John Maynard Keynes,
The General Theory of Employment, Interest and Money

In 2019 how many investors were factoring into their models the risk of an infectious disease resulting from a virus which did not yet exist? Moreover, even if they had, what chance an investor would correctly anticipate the governmental response and the full recovery of the S&P 500 within six months? We venture very few.

Thinking about the problem of forecasting has been illuminated by a wonderful book by John Kay and Mervyn King entitled Radical Uncertainty: Decision-Making for an Unknowable Future published in March 2020. The basic thesis of the book is that market participants have misled themselves regarding risk and uncertainty. In essence, probabilities and probabilistic reasoning are faulty when it comes to uncertainty.

The authors describe how the debate about probabilistic thinking dates back to the invention of basic probability by Fermat and Pascal in France in the 17th century. They devised models to help gamblers in games of chance. Before that people thought that random events were either acts of God or were part of narrative suppositions. In 1921, Keynes questioned the standard thinking in his Treatise on Probability, followed by Frank Knight in Risks, Uncertainty & Profit. The latter made the distinction between risk and uncertainty (i.e. known knowns, and unknown unknowns). His successor at the University of Chicago, Milton Friedman, argued that the distinction was not valid and the Friedman view has been prevalent ever since, underpinning modelling in financial markets and other areas like climate change.

This reasoning led to what the authors call the Viniar paradox, named after David Viniar, the former Goldman Sachs CFO during the financial crisis who described the impact of Lehman as like experiencing several 25 standard deviation events in a row. This was clearly nonsense. What he really meant was the events were impossible within the framework of the Goldman risk model. The problem was the model.

Similarly, during the hunt for Osama bin Laden, Barack Obama was told that there was a 25 to 95% probability that the man in the house under surveillance was actually bin Laden. Obama is said to have replied, “so it’s a flip of the


coin isn’t it?”. In this sense, the probabilistic approach conceals rather than illuminates uncertainty.

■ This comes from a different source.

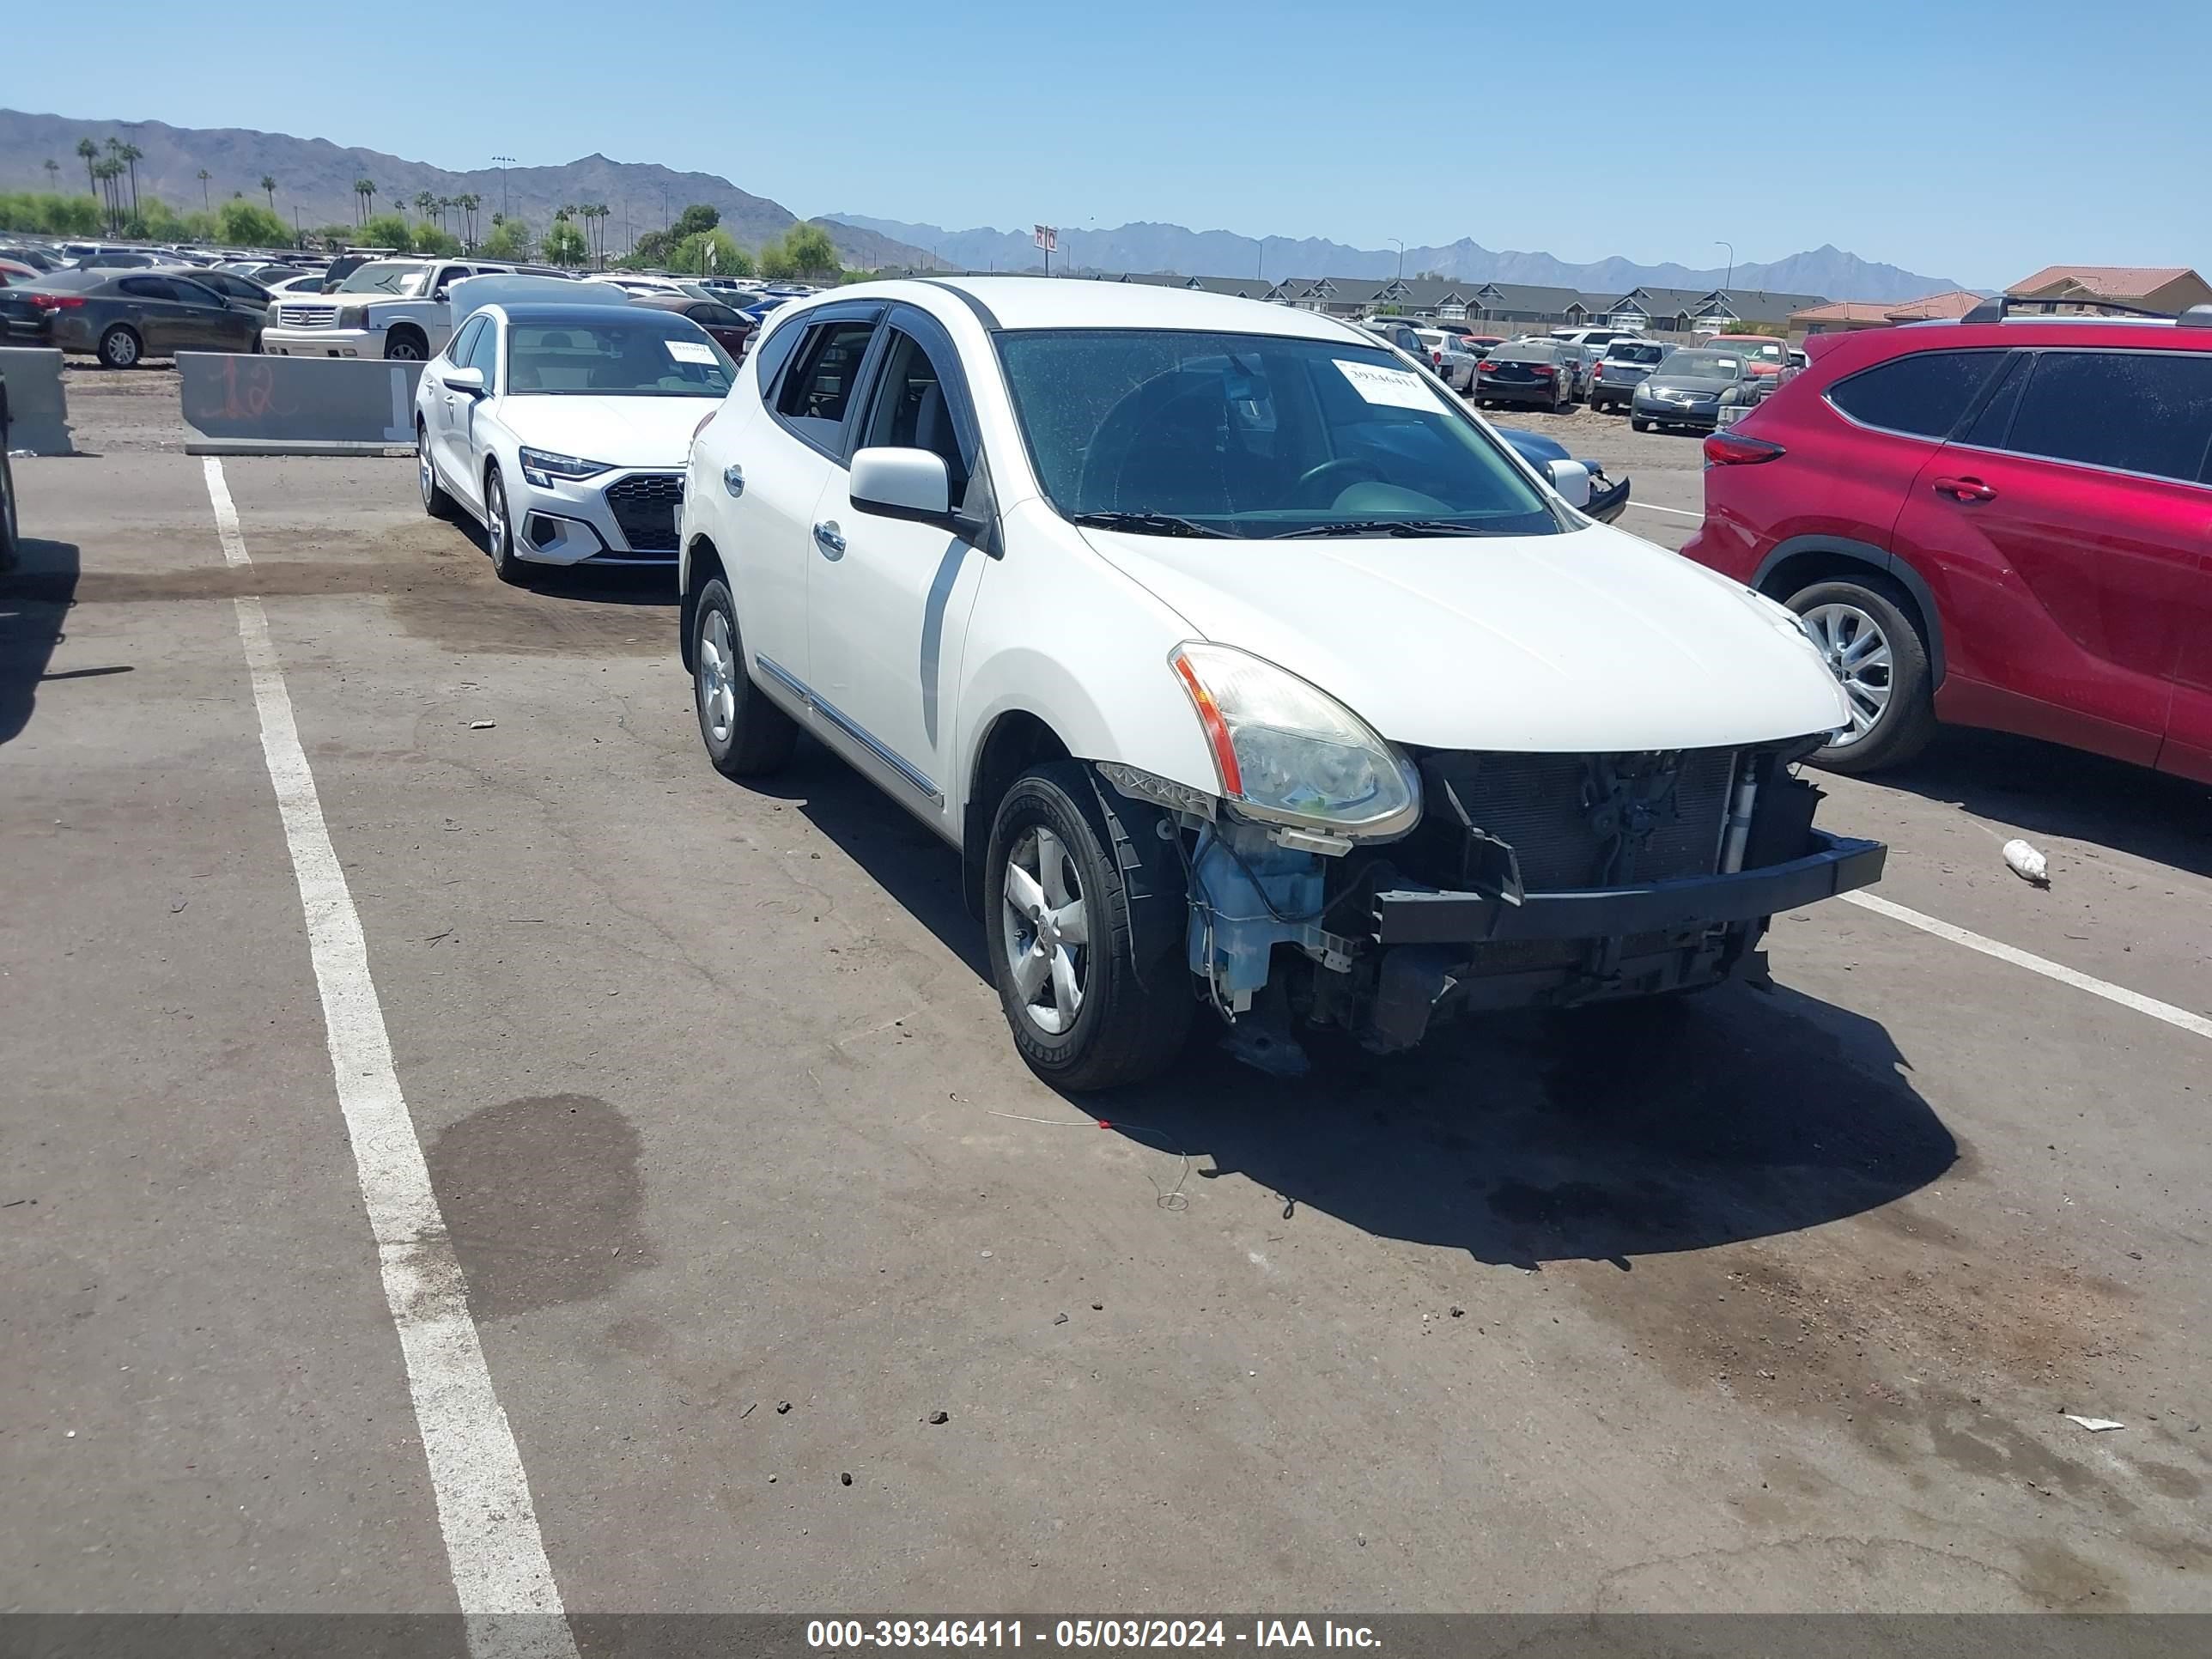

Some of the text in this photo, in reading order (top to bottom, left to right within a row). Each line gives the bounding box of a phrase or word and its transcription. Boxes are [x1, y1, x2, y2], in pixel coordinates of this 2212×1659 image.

Kay and King argue that we need to restore the distinction between risk and uncertainty. They propose that we distinguish between “resolvable” uncertainty (where more data allows you to formulate probability distributions) and “radical” uncertainty where this

is simply not possible. Covid-19 is a paradigm case of radical uncertainty and the book (written pre-covid) presciently identifies the risk of a pandemic caused by a novel virus. Covid is thus not a Black Swan in Nassim Nicholas Taleb’s sense of being an event which you cannot imagine (an unknown unknown). Rather a radical uncertainty can be one which you can describe but not define clearly in terms of its impact (a known unknown).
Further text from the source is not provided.